If nothing else, these responses make clear that cash is much more than a payments technology. It is one of the purest and oldest forms of public good, a symbol of identity and sovereignty. Choices about this public good are, ultimately and rightly, ones for citizens rather than central bankers or cryptographers. They are social, not technological, choices — and sometimes emotional ones.
And the social issues raised by CBDCs are without question real. This includes concerns about the privacy of the currency and about retaining access to cash for those who neither want nor can access CBDC. There are also those who fear deposits might flee from commercial banks to the safe haven of CBDC at the first whiff of financial grapeshot.
Such concerns about financial stability are not to be dismissed. They have caused almost all CBDC designers — and all commercial banks — to conclude that it should pay no interest, since doing so would tend to add to the attraction, and increase the liquidity pressures on banks under duress. This design choice has largely gone unnoticed by the public. This is strange because paying no interest on CBDCs has large and lasting implications for citizens, even though they may not realise it.

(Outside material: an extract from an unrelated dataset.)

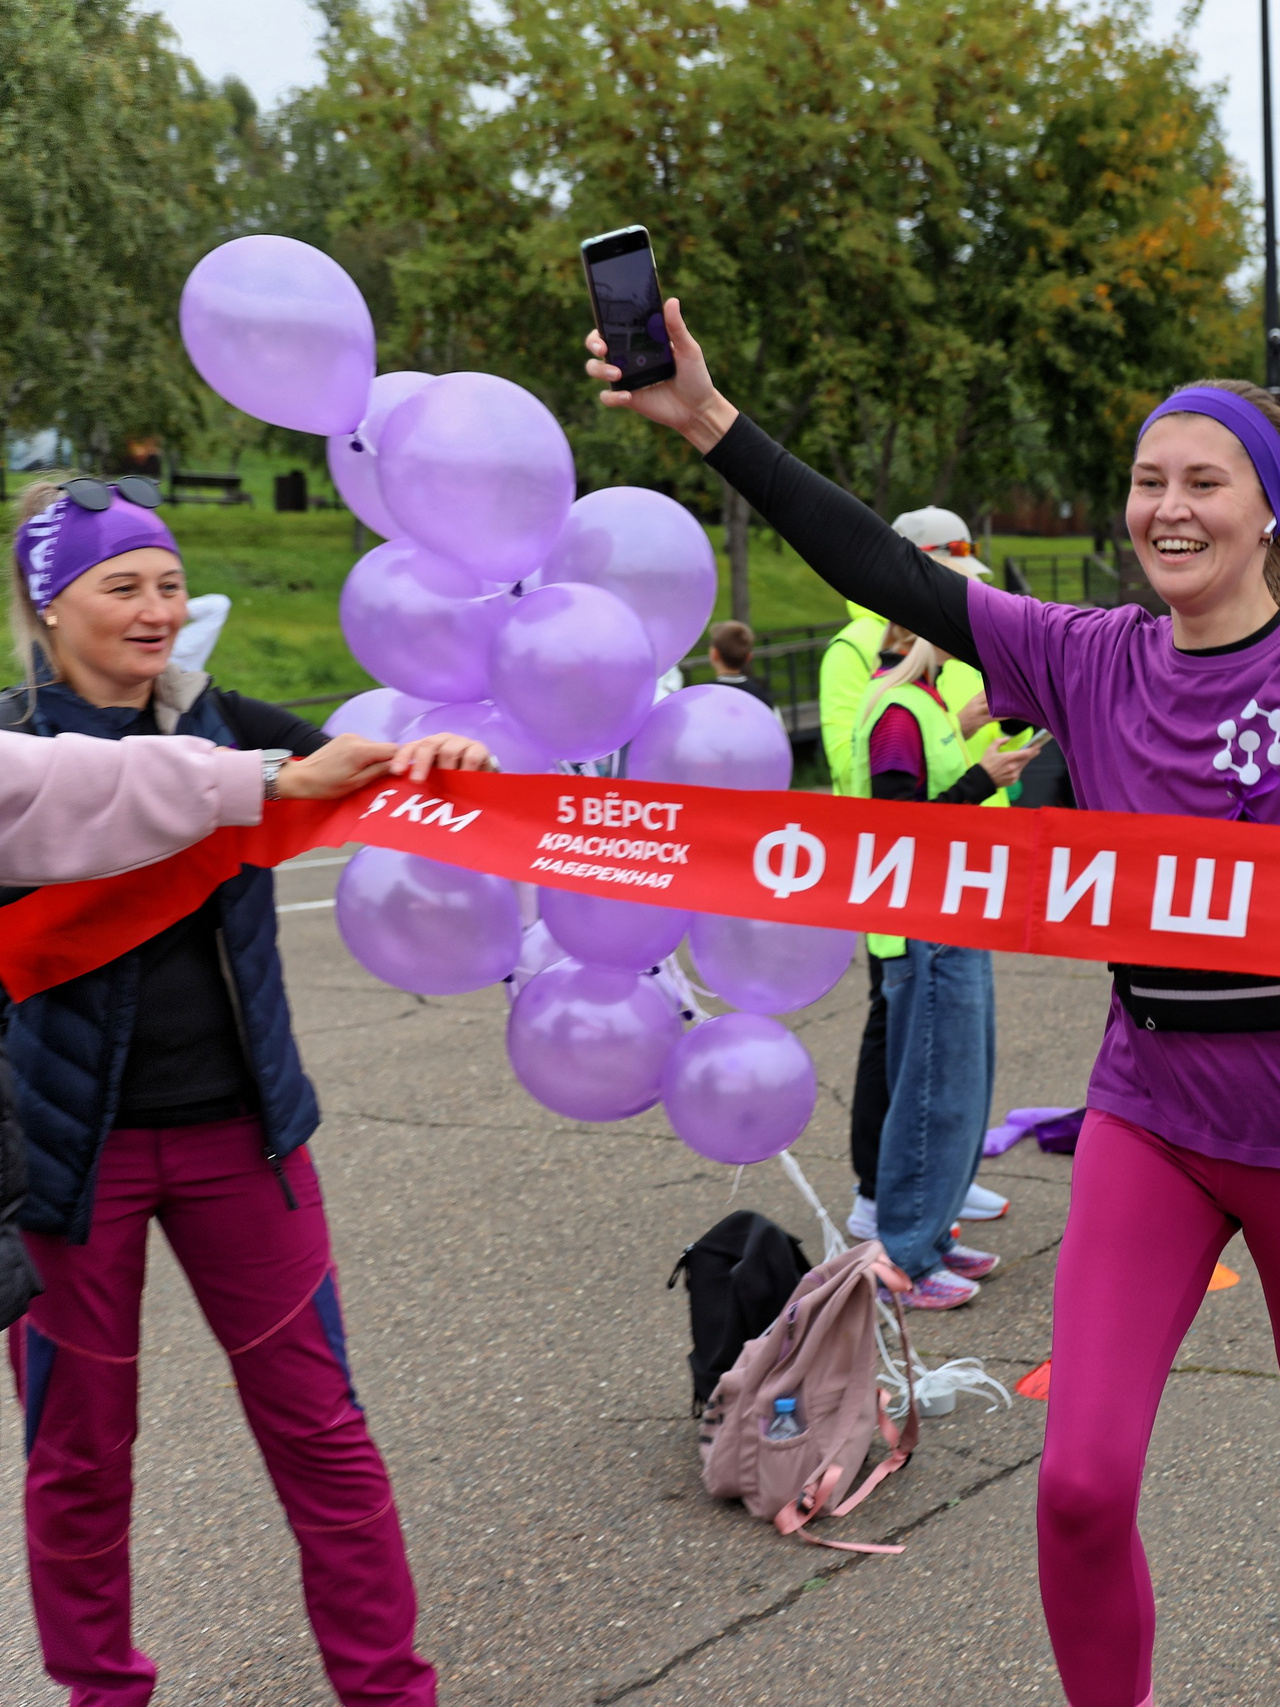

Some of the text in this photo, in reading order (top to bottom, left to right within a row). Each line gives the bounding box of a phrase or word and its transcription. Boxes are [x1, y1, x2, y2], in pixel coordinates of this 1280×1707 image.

Cash is not just a payments medium; it is also a means of financing governments and central banks. Physical cash is an interest-free loan to government, a direct tax on citizens levied in proportion to their cash holdings at a tax rate given by the interest rate. Most people are blissfully unaware they are being taxed in this way. The name of this tax — seigniorage — adds to its mystery and oddity.

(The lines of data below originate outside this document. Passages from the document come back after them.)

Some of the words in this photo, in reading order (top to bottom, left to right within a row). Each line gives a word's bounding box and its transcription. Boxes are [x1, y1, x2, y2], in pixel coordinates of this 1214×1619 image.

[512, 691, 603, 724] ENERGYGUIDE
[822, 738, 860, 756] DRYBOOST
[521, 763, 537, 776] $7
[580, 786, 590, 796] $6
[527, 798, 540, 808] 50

The oddity does not end there. Seigniorage is a stealth tax that is both large and highly regressive. Highly regressive because cash is held disproportionately by the poorest and least advantaged in society. Large because, with a global stock of physical currency estimated at around $8.3tn among the world’s biggest economies, and interest rates of say 5 per cent, it amounts to a tax on global citizens of over $400bn each year.

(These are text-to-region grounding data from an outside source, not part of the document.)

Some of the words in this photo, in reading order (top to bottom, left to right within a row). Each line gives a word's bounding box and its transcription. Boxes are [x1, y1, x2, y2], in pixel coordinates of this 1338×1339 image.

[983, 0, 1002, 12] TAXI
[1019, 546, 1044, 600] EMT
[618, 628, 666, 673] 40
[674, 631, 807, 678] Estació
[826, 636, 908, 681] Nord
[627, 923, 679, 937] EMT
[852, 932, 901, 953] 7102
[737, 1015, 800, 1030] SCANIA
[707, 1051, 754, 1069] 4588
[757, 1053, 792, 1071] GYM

In a world where all cash was physical, central banks and governments could legitimately argue that it was technologically impossible to pay interest. Seigniorage was an unavoidable consequence of providing the public good of physical cash. With the advent of CBDC, those arguments are now otiose. Interest could easily and simply be paid on the CBDC held by citizens, just as it has been for many decades on the CBDC held by banks (whose mystery name is “reserves”).
For many decades, cash has been the only form of money on which no interest rate is paid, disadvantaging those who hold it. With the advent of CBDCs, we could remunerate cash and level the monetary playing field to the benefit of all citizens. Designers of CBDCs have foreclosed on this option, opting to continue levying a large, stealthy, regressive tax on their citizens. They have done so to protect banks and their own finance, both of whom have long benefited from this privilege.
Cash is our money, not theirs. This social choice is one that citizens should be debating and deciding. At present, we are doing neither. At the very point we could be lowering the fiscal burden of a large and regressive stealth tax, governments and central banks are instead choosing to reinforce and raise it. This is a CBDC scandal, if not the one discussed by graffiti artists on motorway flyovers or indeed anyone else.